Turkeys and Pigs and Deer, OH MY!

I have to apologize.

Between dealing with hurricane Sandy living here on the beach and also trying to recover from a horrible cold and sinus infection, I have been lax on posting anything to my blog these last few weeks. Fortunately, we were not hit to badly by the hurricane AND I have recovered from my recent illness and I am ready to prattle on aimlessly once again!

I cannot believe that it is almost the middle of November already! My wife is busy making plans for Thanksgiving and all of the sudden, I am staring at naked trees outside our windows. Fortunately, it’s so windy in our area most of the time, I am rarely faced with the daunting task of raking leaves.

As a child growing up in Duquesne, it was always a sure sign of the arrival of my favorite time of the year when I would look out of our dining room window and see a blanket of leaves covering our back yard. The sycamore in the yard had grown to such an immense size, that by the time I was in my teens, it towered over our two storied home. During the summer months, it provided a think umbrella of shade for the back yard and for the back half of the house. After turning a brilliant orange and yellow by October, an avalanche of leaves continued to bombard our yard until every last leaf had released its grip on even the smallest twig.

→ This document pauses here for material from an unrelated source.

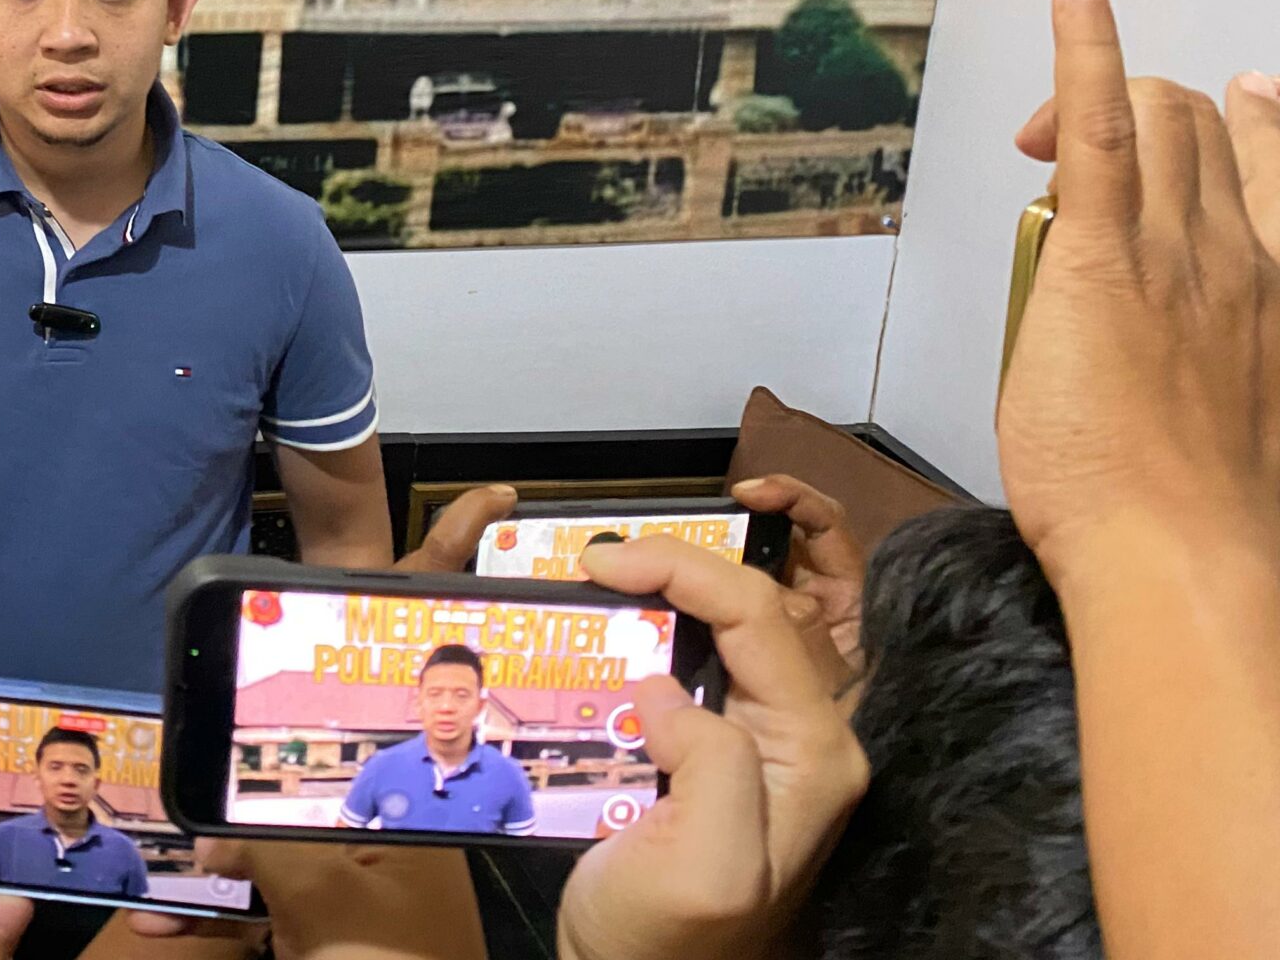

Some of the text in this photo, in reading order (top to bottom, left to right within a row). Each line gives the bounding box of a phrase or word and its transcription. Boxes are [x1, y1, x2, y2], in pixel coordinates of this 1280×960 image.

My dad was very diligent about keeping up with the leaves. Together, my brother, Dad and I would pack bag after bag of leaves. Of course, an obligatory swam dive or two into the largest piles of leaves would have to be landed by me and Steve before they were packed away into a bag. I can still remember that wonderful smell of the slightly damp and musty leaves that was part of the aroma of the season.

By the time that our seasonal raking chores were completed and the last leaf had been gathered, we were only days away from Thanksgiving. Heading into the first event in a season of holidays, Mom would be planning her part in the Volk Family’s Thanksgiving Day dinner at my grandparents. The menu was traditional American Thanksgiving Day cuisine and was rarely deviated from; turkey, bread stuffing, mashed potatoes, gravy, canned corn, green beans, dinner rolls, and of course, pumpkin pie. I believe that this was perhaps the only family gathering where any vestige of hunky food was absent! There wasn’t a cabbage roll, pot of soup or poppy seed roll around!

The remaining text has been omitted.